# Was ist ein kapitaler Fisch?



## hechtler (23. September 2004)

Hi Boardis,
was versteht Ihr unter einem kapitalen Fisch?
Also ich meine damit- ist ein kapitaler Fisch ein Gründling von 20 cm aus einem *nullachtfünfzehnbach* oder ein Meter Hecht aus dem Rügener Bodden.

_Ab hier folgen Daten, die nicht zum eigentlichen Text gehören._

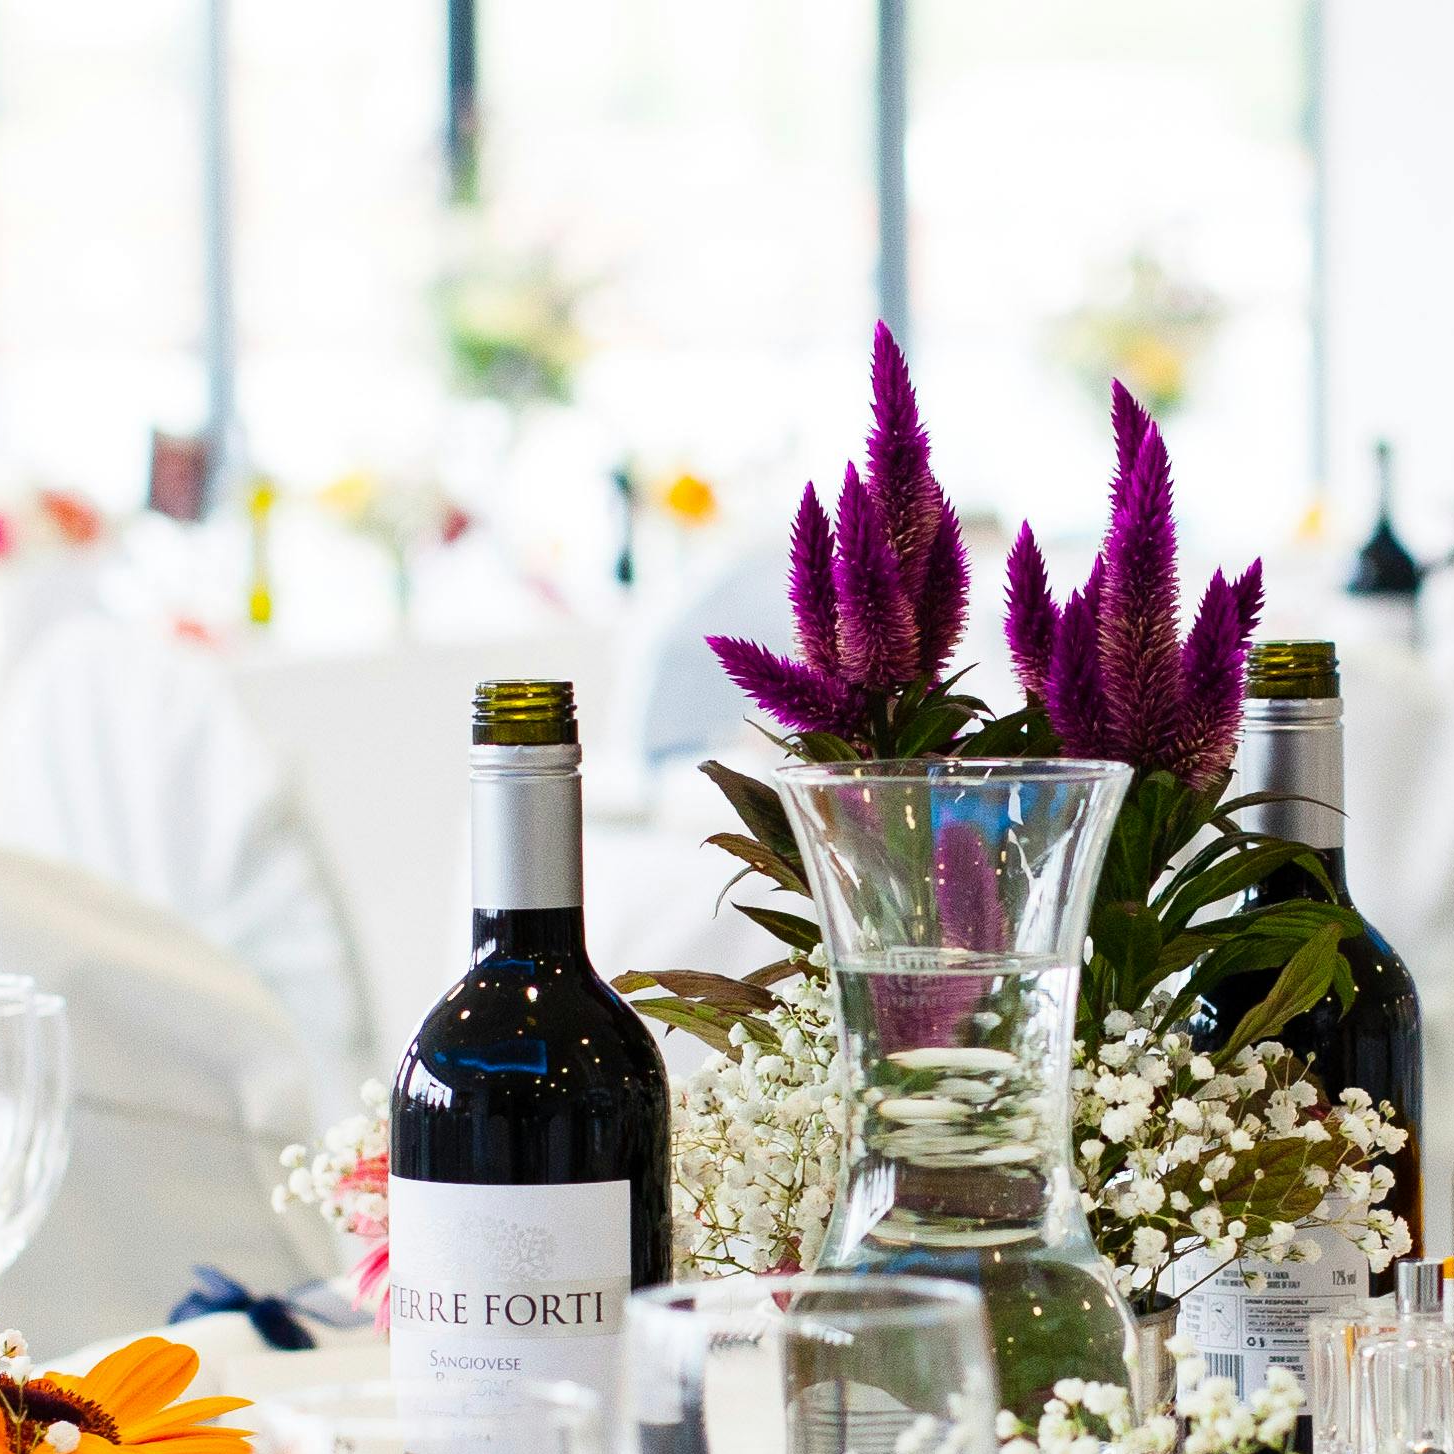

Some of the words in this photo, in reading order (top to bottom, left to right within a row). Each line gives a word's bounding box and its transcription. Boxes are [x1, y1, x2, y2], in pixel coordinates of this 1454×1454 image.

[392, 1284, 467, 1325] TERRE
[485, 1291, 603, 1326] FORTI
[429, 1350, 522, 1371] SANGIOVESE

Ich frage mich nur deshalb, weil immer wieder die Fragen auftauchen, egal in welchem Anglerforum/board wie auch immer, wie groß wie schwer war euer *wasauchimmer*...
Ich will damit nur sagen das womöglich eine *einpfund* Forelle aus einem Wiesenbach mehr Bedeutung hat als ne 5 pfündige aus der Traun...
Wie seht Ihr das?  
In meinem Hausgewässer ist es möglich den ein oder oder anderen Meterhecht  das Jahr über zu fangen.....das was ich als kapital bezeichnen kann war ein Hecht von 105 cm und einem Gewicht von 24 Pfund..das war ne Granate also in meinen Augen..ein ander mal habe ich gesehen wie ein Zander von  102 cm gefangen wurde der gerade mal 14 Pfund auf die Waage brachte...ein Bild des Jammers wenn ich das mal so sagen darf..
Also was ist kapital ????


----------



## Agalatze (23. September 2004)

*AW: Was ist ein kapitaler Fisch?*

also sicher hast du recht wenn man den ort des fanges berücksichtigt.
ein meter dorsch aus norwegen ist mit sicherheit nicht so zu bestaunen wie einer aus unserer ostsee.
das ganze findet in meiner betrachtung dann mehr oder weniger anerkennung.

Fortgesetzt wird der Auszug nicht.